● **TASK PROMPT**: Transcribe the records below exactly, leaving out any pictures.

● **RECORDED DATA**:

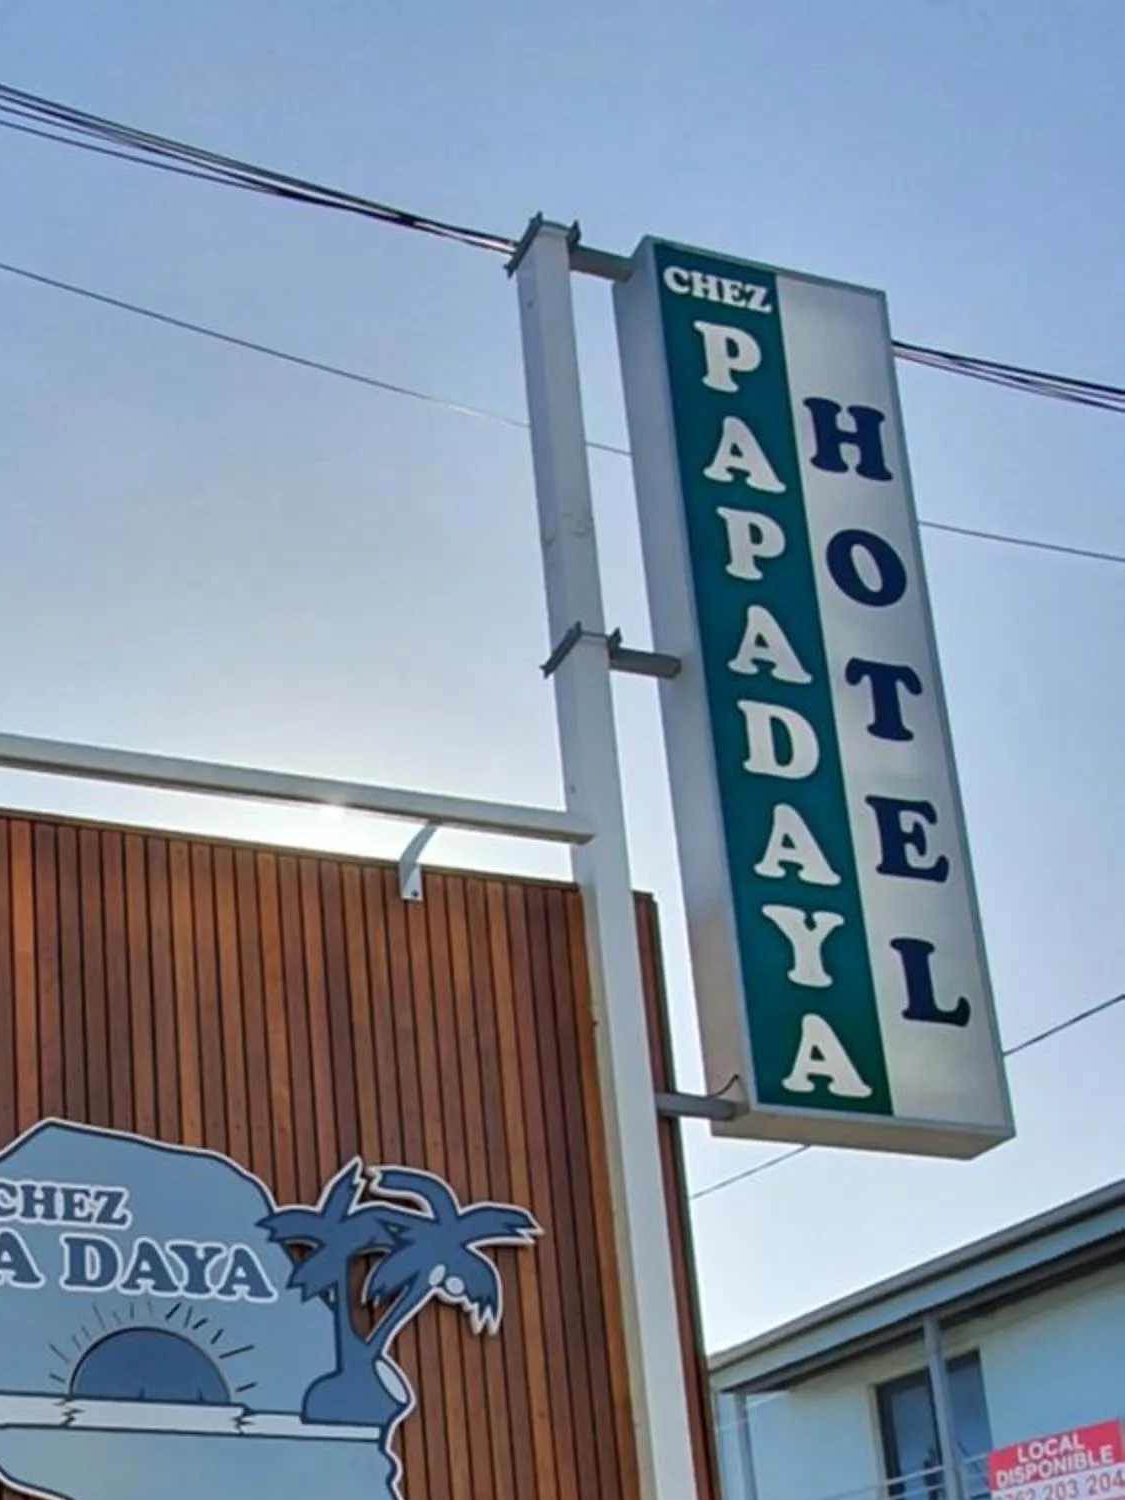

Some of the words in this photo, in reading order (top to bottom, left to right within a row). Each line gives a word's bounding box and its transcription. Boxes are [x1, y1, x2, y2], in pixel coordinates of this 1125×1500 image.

[663, 265, 772, 313] CHEZ
[802, 396, 971, 1028] HOTEL
[60, 1235, 279, 1303] DAYA
[995, 1444, 1115, 1490] DISPONIBLE
[1017, 1433, 1086, 1464] LOCAL
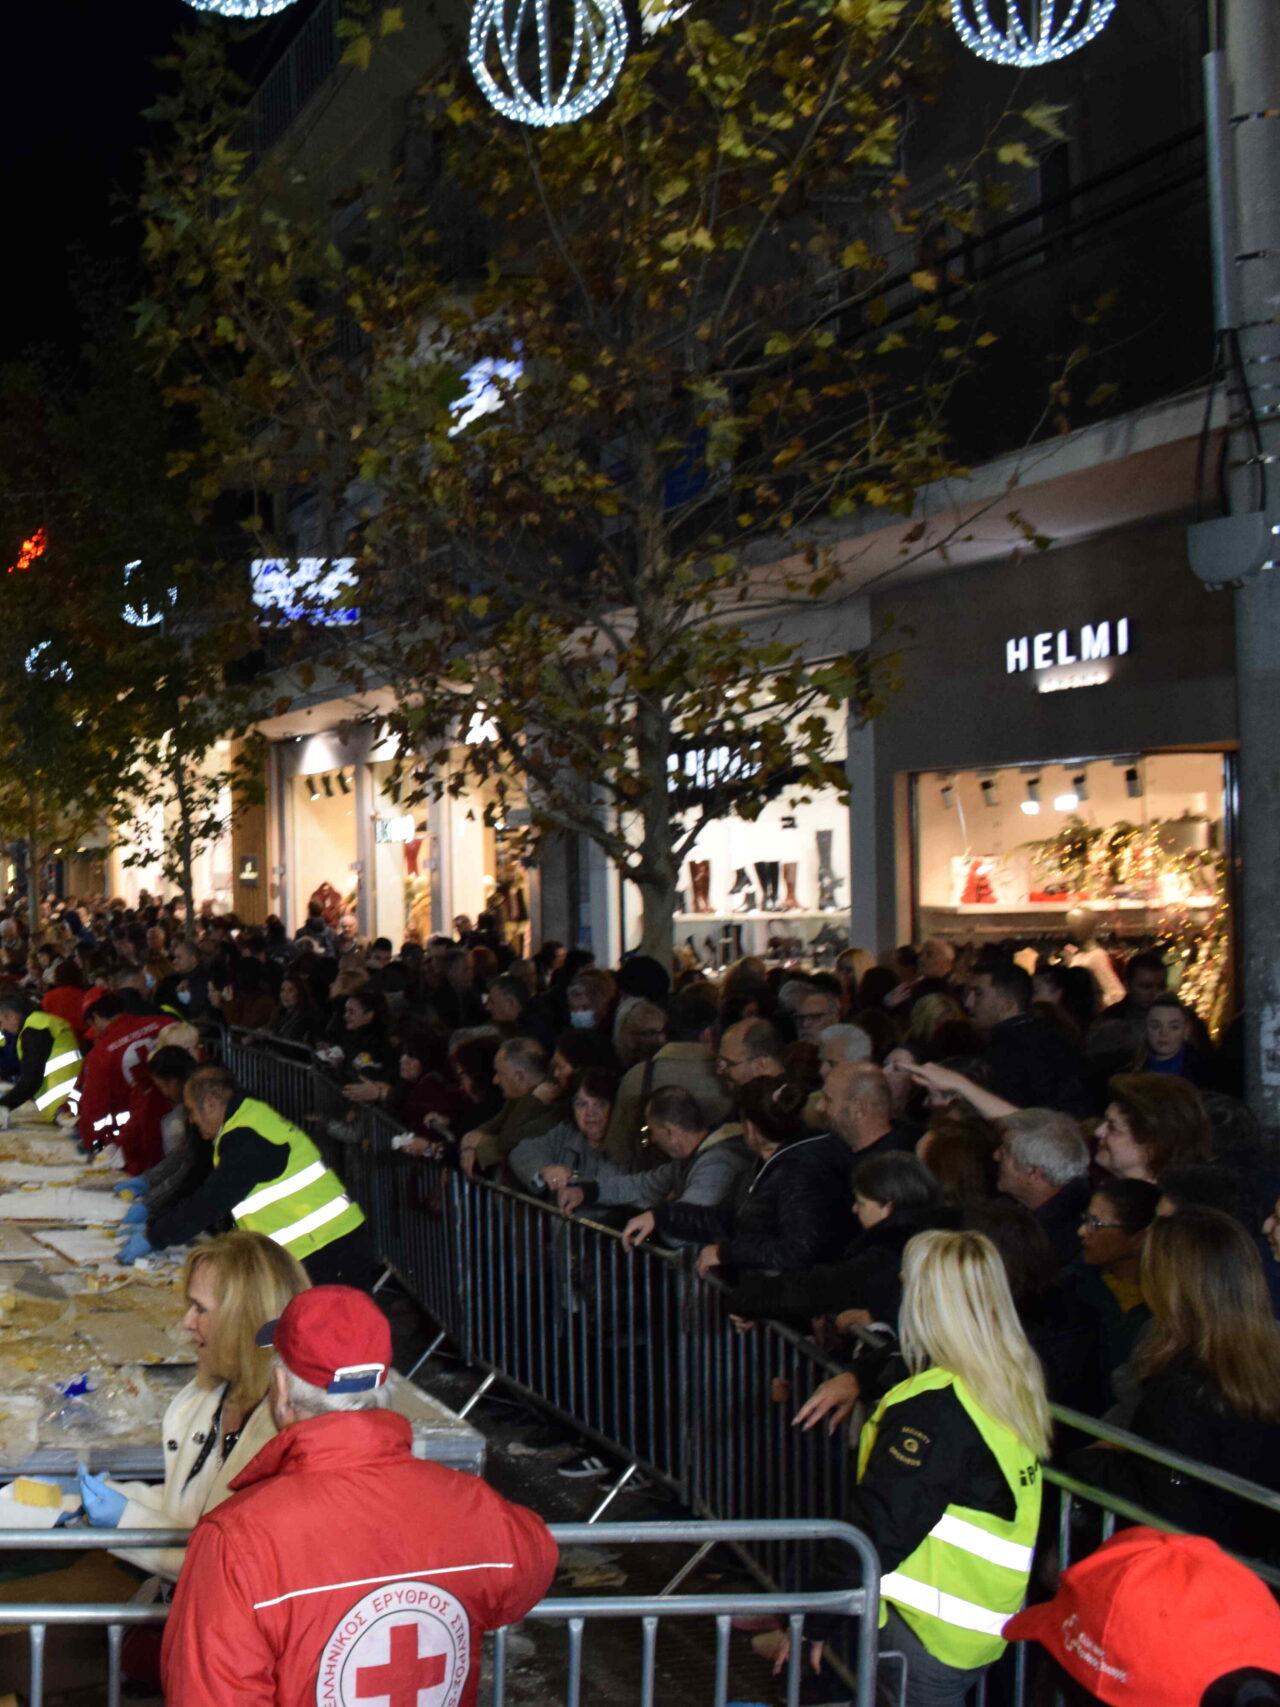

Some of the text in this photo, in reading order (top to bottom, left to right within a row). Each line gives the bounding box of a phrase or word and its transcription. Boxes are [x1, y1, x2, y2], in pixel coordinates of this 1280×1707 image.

[1006, 617, 1129, 674] HELMI
[323, 1589, 467, 1707] ΕΛΛΗΝΙΚΟΣ ΕΡΥΘΡΟΣ ΣΤΑΥΡΟΣ
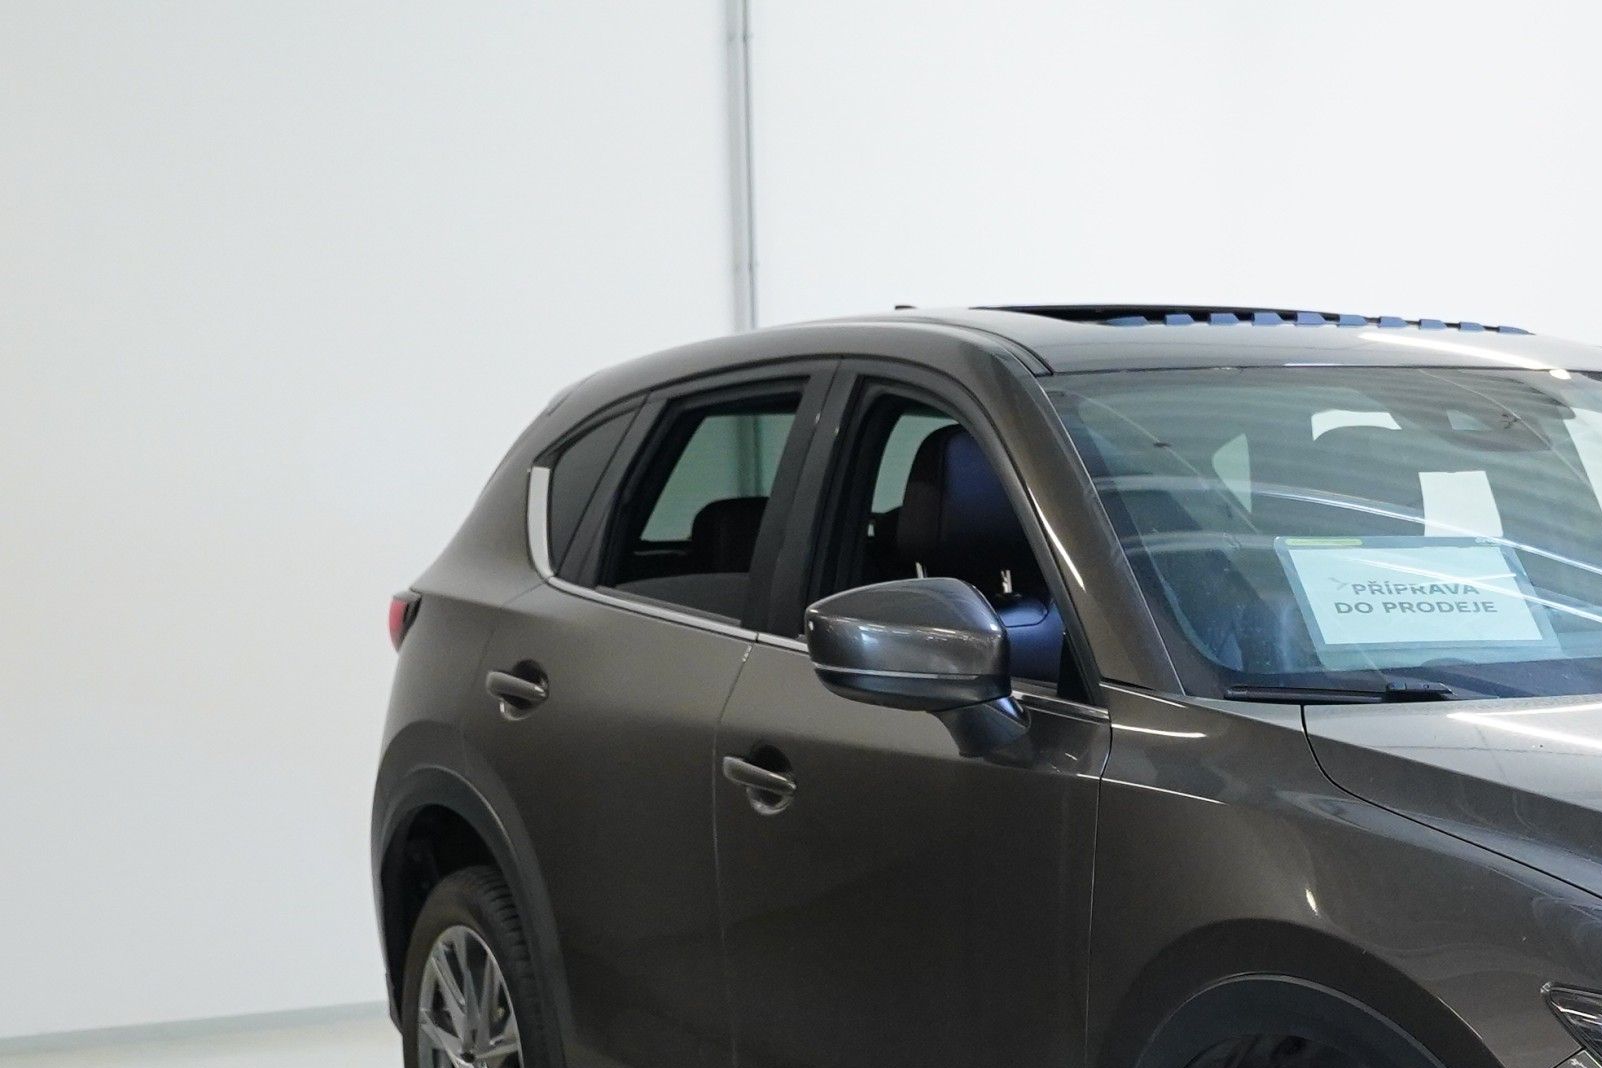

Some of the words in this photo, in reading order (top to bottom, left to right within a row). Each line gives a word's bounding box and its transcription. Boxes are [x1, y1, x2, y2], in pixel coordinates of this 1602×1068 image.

[1351, 579, 1480, 596] PŘÍPRAVA
[1333, 601, 1374, 614] DO
[1383, 601, 1498, 614] PRODEJE

● **ANSWER BELOW**:
Some of the words in this photo, in reading order (top to bottom, left to right within a row). Each line gives a word's bounding box and its transcription. Boxes are [x1, y1, x2, y2], in pixel coordinates of this 1125×1500 image.

[663, 265, 772, 313] CHEZ
[802, 396, 971, 1028] HOTEL
[60, 1235, 279, 1303] DAYA
[995, 1444, 1115, 1490] DISPONIBLE
[1017, 1433, 1086, 1464] LOCAL

Some of the text in this photo, in reading order (top to bottom, left to right within a row). Each line gives the bounding box of a phrase or word and its transcription. Boxes are [x1, y1, x2, y2], in pixel coordinates of this 1280×1707 image.

[1006, 617, 1129, 674] HELMI
[323, 1589, 467, 1707] ΕΛΛΗΝΙΚΟΣ ΕΡΥΘΡΟΣ ΣΤΑΥΡΟΣ

Some of the words in this photo, in reading order (top to bottom, left to right within a row). Each line gives a word's bounding box and its transcription. Boxes are [x1, y1, x2, y2], in pixel coordinates of this 1602×1068 image.

[1351, 579, 1480, 596] PŘÍPRAVA
[1333, 601, 1374, 614] DO
[1383, 601, 1498, 614] PRODEJE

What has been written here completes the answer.